Publié le 25 mars 2008 Lecture : 3 minutes.

L’Union européenne (UE) est aujourd’hui un partenaire économique incontournable de la Tunisie. Les chiffres parlent d’eux-mêmes : 70 % des échanges commerciaux du pays s’effectuent avec l’UE, 80 % des échanges de services (notamment le tourisme) aussi. Et 85 % des émigrés tunisiens ont choisi le Vieux Continent comme terre d’accueil (les premières vagues remontent aux années 1960) Comment en est-on arrivé ?
Dès son indépendance en 1956, la Tunisie a fait le choix de la modernité. Elle a rompu avec les archaïsmes religieux (avancées notables dans le domaine des droits des femmes, du droit foncier et de la justice) et a lié d’emblée son destin économique à l’Europe occidentale, au détriment de l’Orient arabe et du bloc de l’Est. Le pays quitte cependant la zone franc en 1958, adhère à la Banque mondiale et au Fonds monétaire international (FMI) et prend contact, dès 1959, avec la Communauté économique européenne (CEE). Ces premiers pourparlers mettront dix ans à se concrétiser en raison du – très sensible – dossier agricole, la CEE redoutant que les produits tunisiens (huile d’olive, vin, etc.) ne concurrencent ceux du Marché commun. Il faut attendre la tournée européenne du président Habib Bourguiba en juillet 1966 (Bruxelles, Bonn, La Haye, Luxembourg) pour que la Commission européenne accepte officiellement d’engager des négociations.

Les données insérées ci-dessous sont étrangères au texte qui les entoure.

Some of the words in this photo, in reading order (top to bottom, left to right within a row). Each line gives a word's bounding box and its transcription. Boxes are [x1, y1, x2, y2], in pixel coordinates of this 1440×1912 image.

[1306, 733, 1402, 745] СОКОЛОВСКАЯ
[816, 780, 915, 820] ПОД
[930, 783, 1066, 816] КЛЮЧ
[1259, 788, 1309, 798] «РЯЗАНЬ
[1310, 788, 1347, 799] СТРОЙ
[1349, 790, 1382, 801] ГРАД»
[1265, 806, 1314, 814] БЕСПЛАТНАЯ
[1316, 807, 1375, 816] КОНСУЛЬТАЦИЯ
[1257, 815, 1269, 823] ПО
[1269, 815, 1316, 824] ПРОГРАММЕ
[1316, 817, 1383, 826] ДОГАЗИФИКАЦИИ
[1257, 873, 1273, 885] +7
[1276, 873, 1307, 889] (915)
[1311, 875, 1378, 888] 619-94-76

Le premier accord est signé en grande pompe à Tunis le 28 mars 1969 en présence des représentants des six pays de la CEE (Allemagne, Belgique, France, Italie, Luxembourg, Pays-Bas). « La cérémonie la plus solennelle de l’année », écrit alors Jeune Afrique dans son édition du 14 avril 1969 L’alliance a beau n’être que commerciale (quelques produits triés sur le volet peuvent bénéficier d’un tarif douanier préférentiel et d’un quota), tout le monde s’accorde à dire que la Tunisie (5 millions d’habitants et 1,3 milliard de dollars de PIB) et la CEE (200 millions d’habitants et 400 milliards de dollars de PIB) viennent de célébrer de véritables « fiançailles ». Cette année-là, le commerce extérieur entre les deux partenaires se chiffrait à 300 millions de dollars, soit 55 % des échanges de marchandises de la Tunisie.

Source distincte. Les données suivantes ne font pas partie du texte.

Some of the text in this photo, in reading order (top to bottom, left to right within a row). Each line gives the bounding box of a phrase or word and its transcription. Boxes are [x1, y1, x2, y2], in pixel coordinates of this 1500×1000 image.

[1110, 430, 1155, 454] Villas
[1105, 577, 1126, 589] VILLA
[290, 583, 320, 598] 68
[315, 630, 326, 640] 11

Au fil des années, les relations se sont développées dans l’intérêt réciproque des deux « fiancés ». À tel point que l’accord initialement prévu sur cinq ans est reconduit en 1975, sous la houlette du commissaire européen Claude Cheysson. Mieux, il est élargi à la coopération technique, financière et sociale. Pour la première fois, la main-d’uvre tunisienne travaillant dans les pays de la CEE peut bénéficier de prestations familiales et transférer librement ses revenus en Tunisie. Pour Claude Cheysson, cet « accord global » avait, en réalité, pour « objectif final » l’instauration d’une zone de libre-échange (ZLE).

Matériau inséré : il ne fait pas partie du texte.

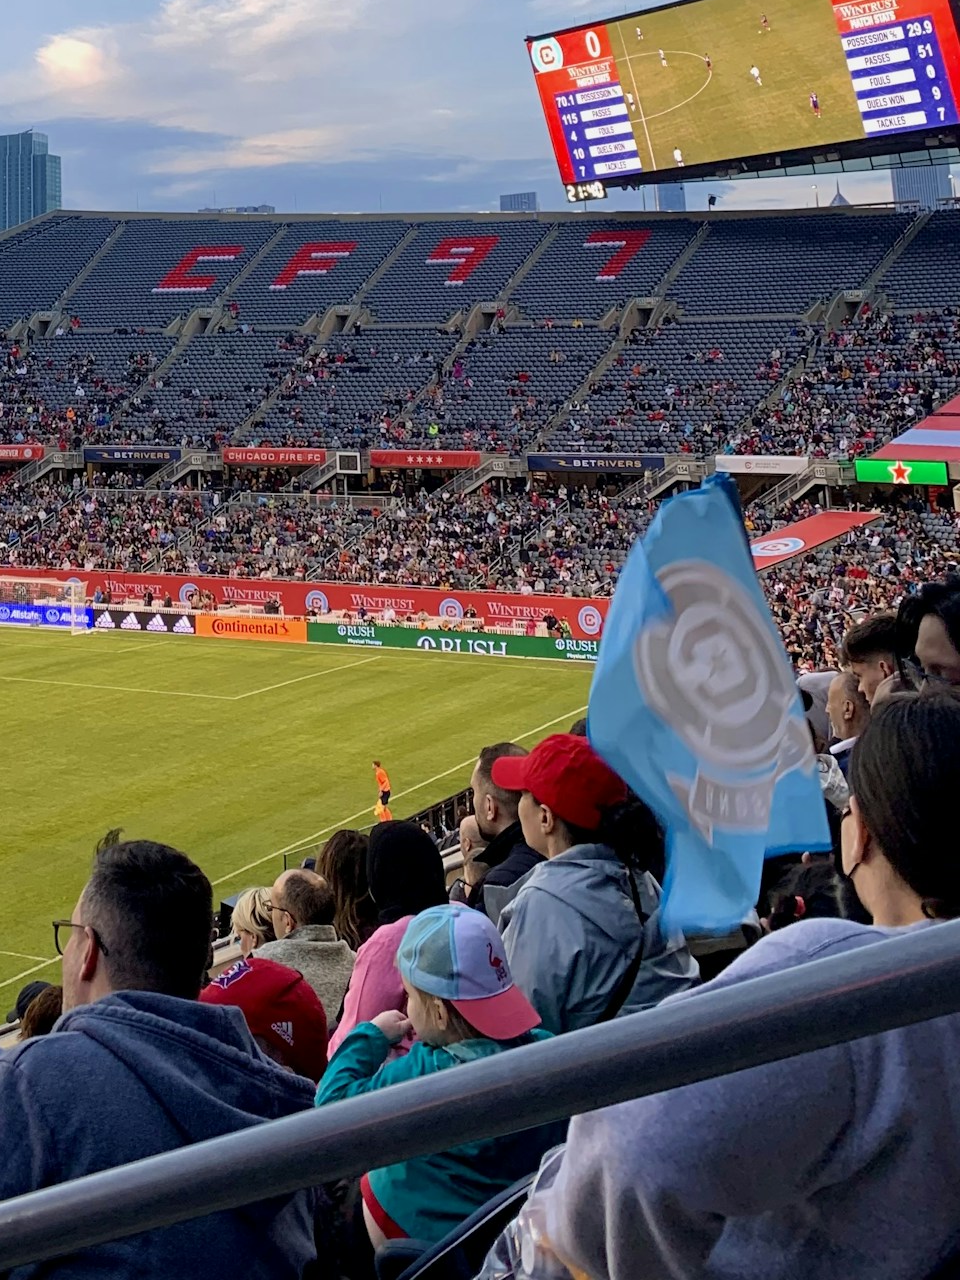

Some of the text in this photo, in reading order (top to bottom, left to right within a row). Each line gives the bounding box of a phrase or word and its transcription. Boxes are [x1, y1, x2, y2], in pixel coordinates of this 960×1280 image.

[906, 20, 933, 38] 29.9
[585, 31, 601, 58] 0
[846, 34, 888, 48] POSSESSION
[917, 43, 934, 58] 51
[864, 53, 891, 66] PASSES
[567, 61, 612, 78] WINTRUST
[869, 75, 891, 88] FOULS
[581, 90, 612, 102] POSSESSION
[932, 86, 942, 100] 9
[556, 94, 576, 109] 70.1
[866, 95, 906, 110] DUELS WON
[562, 112, 578, 126] 115
[592, 108, 612, 118] PASSES
[936, 107, 946, 121] 7
[876, 116, 906, 128] TACKLES
[570, 131, 578, 142] 4
[598, 125, 614, 136] FOULS
[573, 148, 585, 160] 10
[596, 145, 613, 155] DUELS
[579, 166, 586, 177] 7
[114, 452, 170, 460] BETRIVERS
[228, 452, 322, 462] CHICAGO FIRE FC
[572, 459, 642, 468] BETRIVERS
[222, 586, 282, 601] WINTRUST
[351, 594, 414, 610] WINTRUST
[10, 610, 39, 620] Allstate
[212, 619, 278, 635] Continental
[346, 626, 375, 637] RUSH
[441, 638, 507, 656] RUSH
[566, 640, 598, 652] RUSH
[271, 1023, 294, 1046] adidas

Le 17 juillet 1995, un accord de partenariat, le premier du genre entre l’Union européenne (qui a remplacé la CEE en 1992) et un pays de la rive sud de la Méditerranée, est conclu. Aujourd’hui, la ZLE profite à des milliers d’entreprises des deux côtés de la mer. En quarante ans ou presque, de 1969 à 2007, les échanges entre les deux partenaires ont été multipliés par 200 pour atteindre un volume annuel de l’ordre de 20 milliards d’euros. Les dix millions de Tunisiens ont désormais accès à un marché unique – le plus puissant du monde – couvrant 27 pays peuplés de 500 millions d’habitants et pesant 12 000 milliards d’euros de PIB. En 2006, la Tunisie lui a vendu pour 8 milliards d’euros de marchandises, soit près de 800 euros en moyenne par Tunisien, trois fois plus que la moyenne du Maroc, par exemple. Enfin, et c’est Bruxelles qui l’affirme, la Tunisie est parvenue à profiter des programmes d’aide financière (Meda) en captant 15 % des ressources versées par l’UE à la région méditerranéenne alors qu’elle n’en représente que 5 % de la population.